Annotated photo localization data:
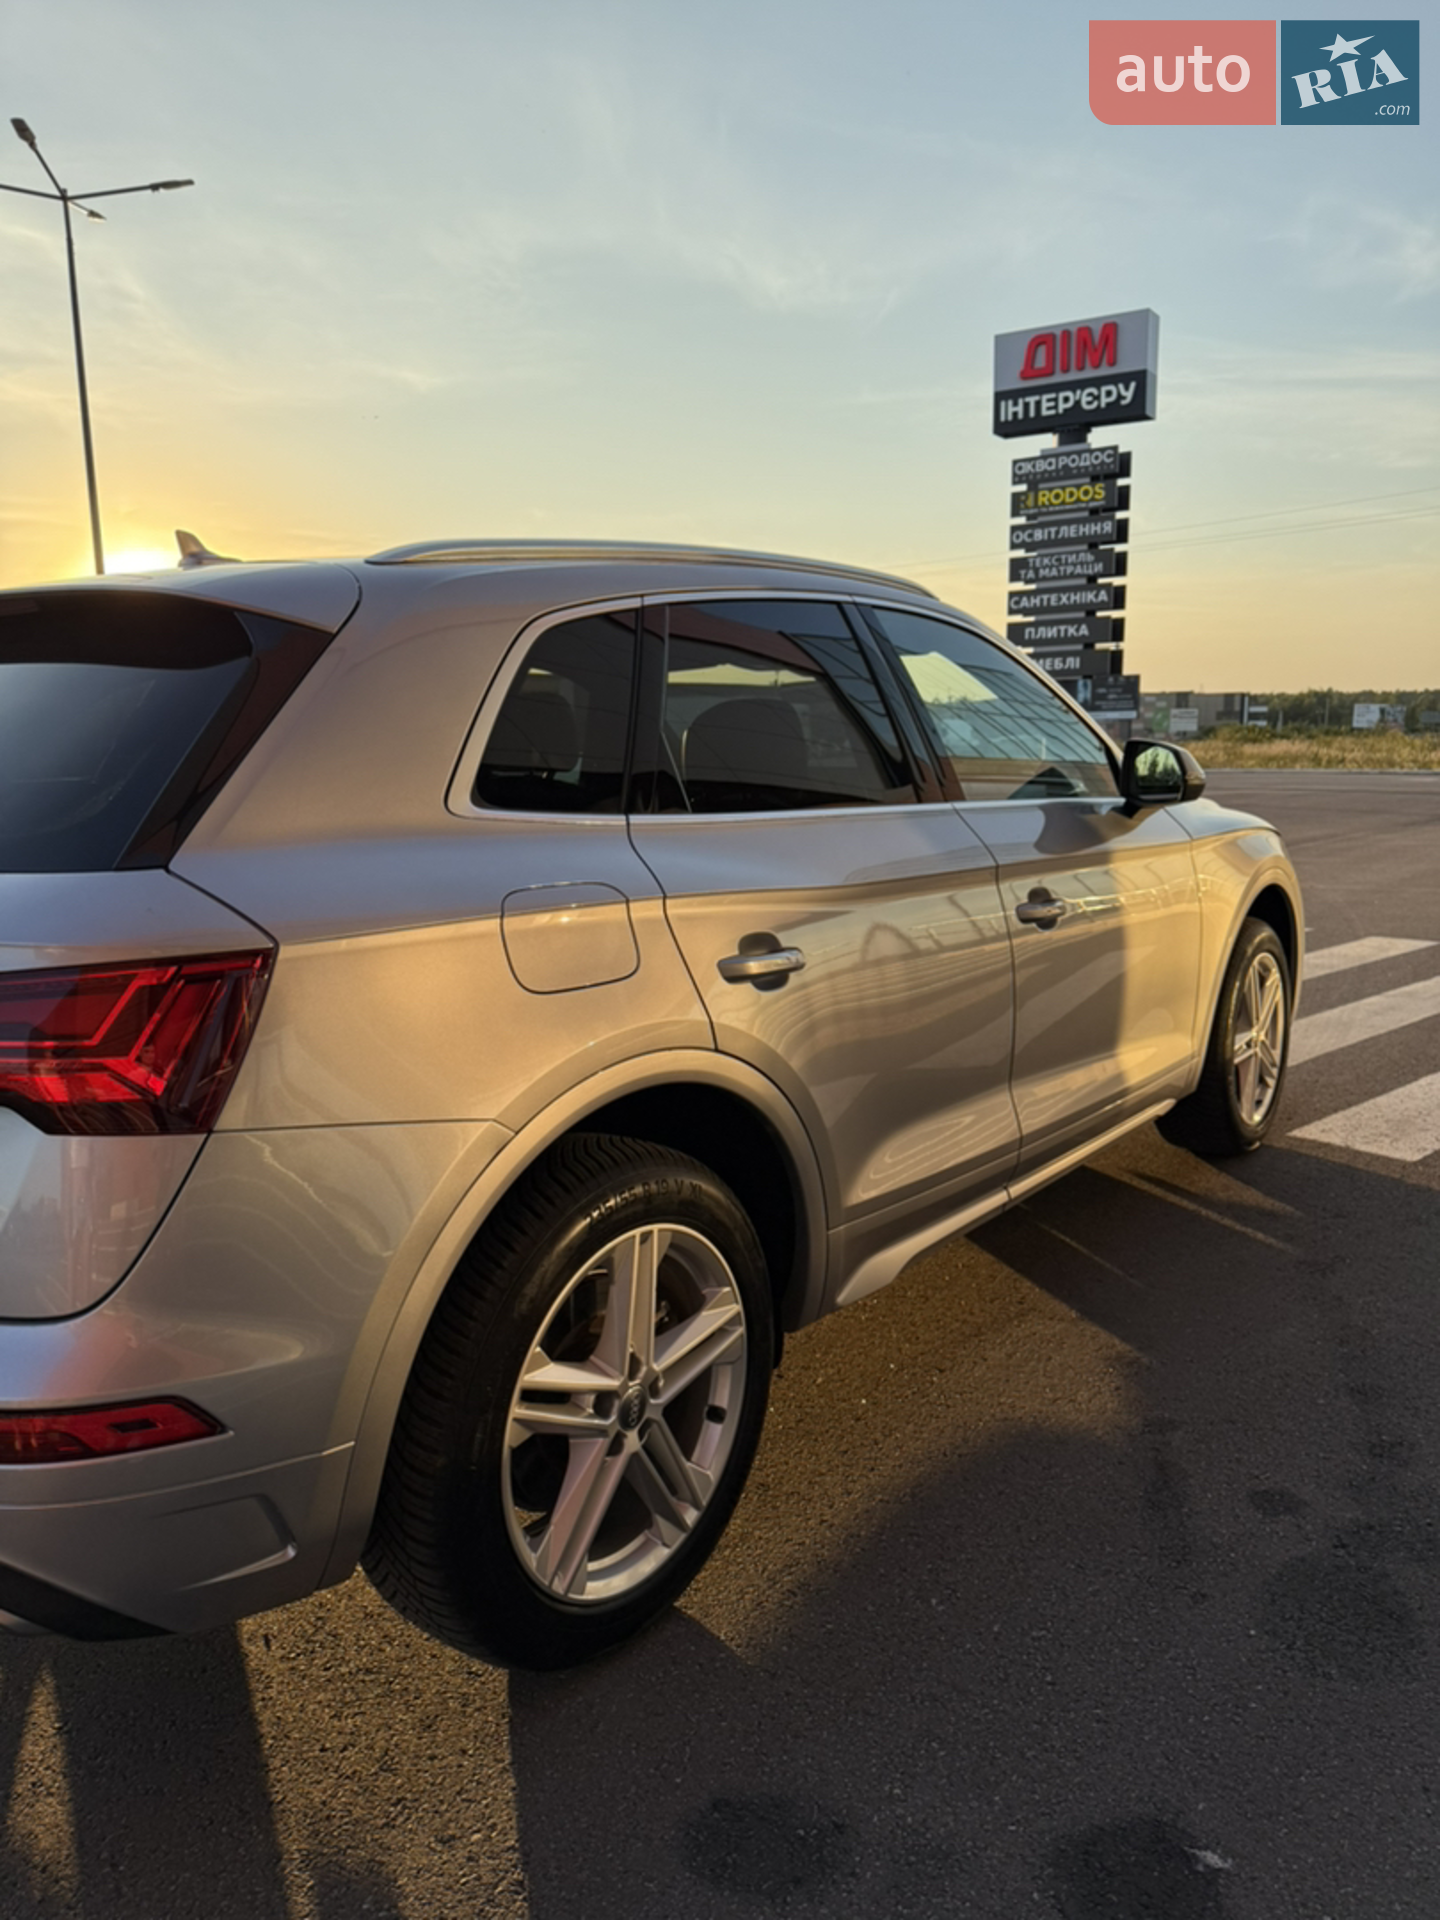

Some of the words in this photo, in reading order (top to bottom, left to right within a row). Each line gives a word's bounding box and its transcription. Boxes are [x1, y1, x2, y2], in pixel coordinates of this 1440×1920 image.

[1019, 320, 1117, 380] ДІМ
[1037, 483, 1106, 507] RODOS
[1012, 520, 1113, 544] ОСВІТЛЕННЯ
[1027, 552, 1096, 568] ТЕКСТИЛЬ
[1019, 568, 1036, 580] ТА
[1038, 561, 1104, 578] МАТРАЦИ
[1009, 589, 1109, 609] САНТЕХНІКА
[1023, 623, 1090, 640] ПЛИТКА

▶ **Instructions for the task**: What you return should match the records line for line, minus the pictures.

▶ **Written answer**:
Some of the words in this photo, in reading order (top to bottom, left to right within a row). Each line gives a word's bounding box and its transcription. Boxes are [x1, y1, x2, y2], in pixel coordinates of this 1440×1920 image.

[1019, 320, 1117, 380] ДІМ
[1037, 483, 1106, 507] RODOS
[1012, 520, 1113, 544] ОСВІТЛЕННЯ
[1027, 552, 1096, 568] ТЕКСТИЛЬ
[1019, 568, 1036, 580] ТА
[1038, 561, 1104, 578] МАТРАЦИ
[1009, 589, 1109, 609] САНТЕХНІКА
[1023, 623, 1090, 640] ПЛИТКА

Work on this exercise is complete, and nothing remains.